(Phrase grounding data)
══════

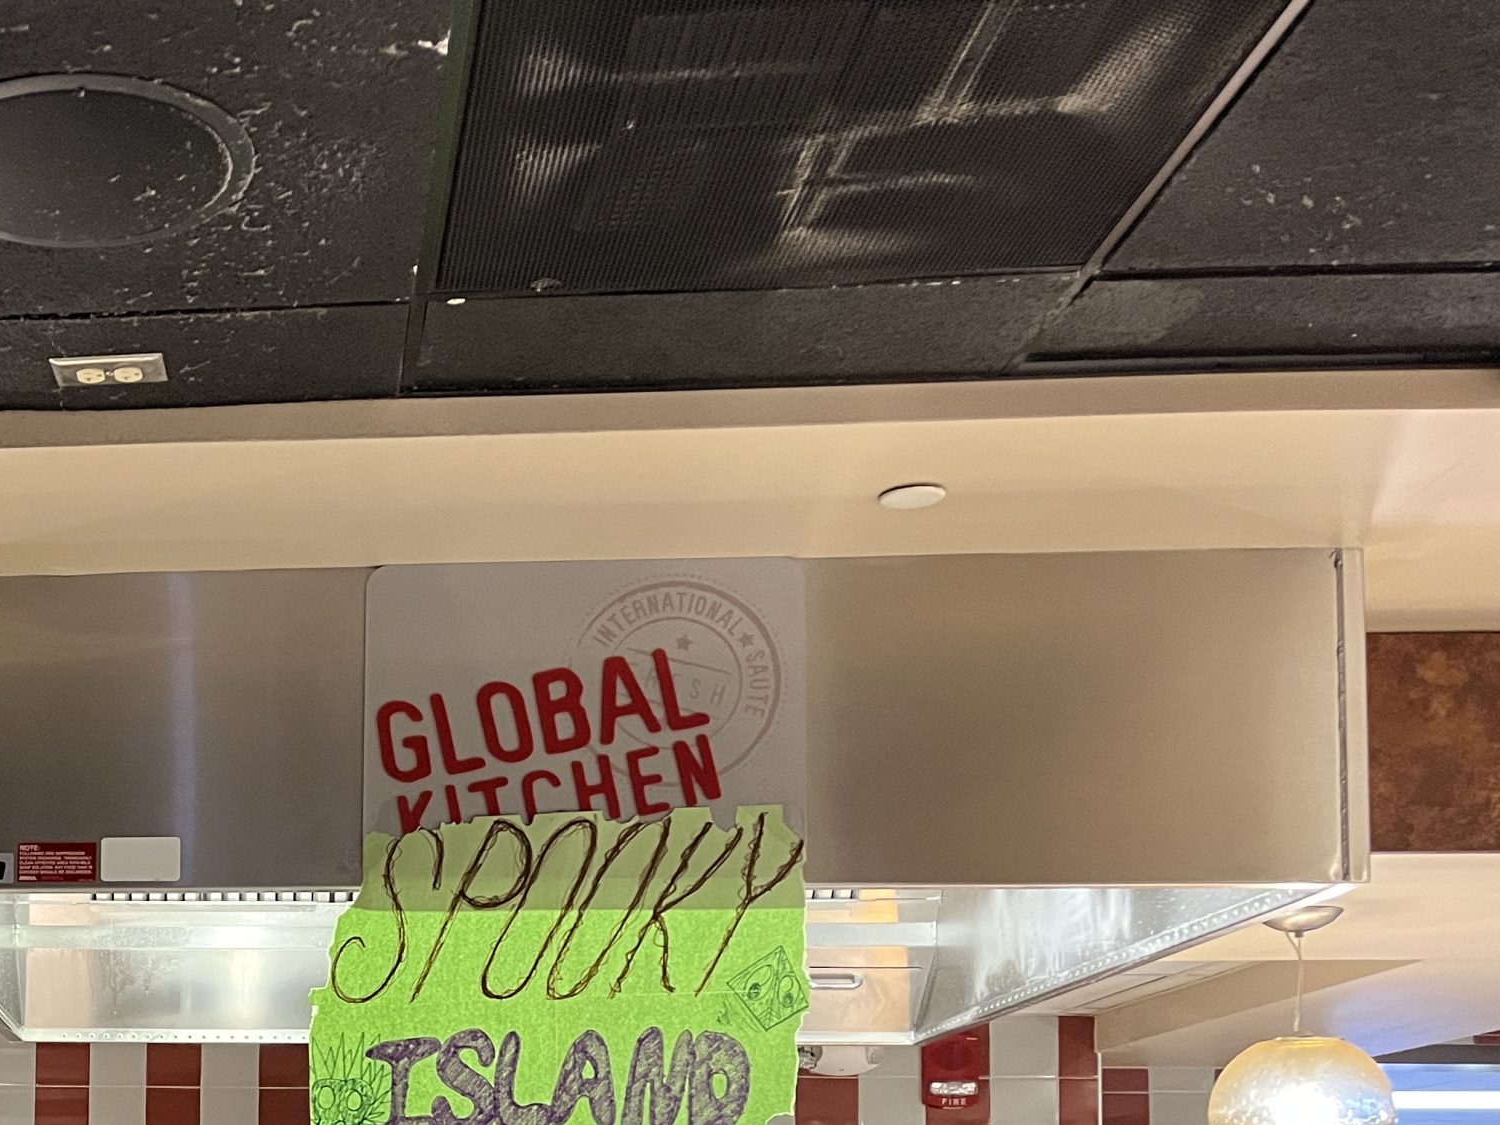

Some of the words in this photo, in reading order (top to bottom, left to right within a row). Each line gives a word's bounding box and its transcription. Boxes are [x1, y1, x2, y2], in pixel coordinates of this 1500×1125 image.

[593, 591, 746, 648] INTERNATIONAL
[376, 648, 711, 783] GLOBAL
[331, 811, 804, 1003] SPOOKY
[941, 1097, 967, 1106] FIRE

══════

*WHAT YOU ARE ASKED TO DO*: Reproduce each line of the records above, exactly and without pictures.

*ANSWER TO THE EXERCISE*:
Some of the words in this photo, in reading order (top to bottom, left to right within a row). Each line gives a word's bounding box and its transcription. Boxes are [x1, y1, x2, y2], in pixel coordinates of this 1500×1125 image.

[593, 591, 746, 648] INTERNATIONAL
[376, 648, 711, 783] GLOBAL
[331, 811, 804, 1003] SPOOKY
[941, 1097, 967, 1106] FIRE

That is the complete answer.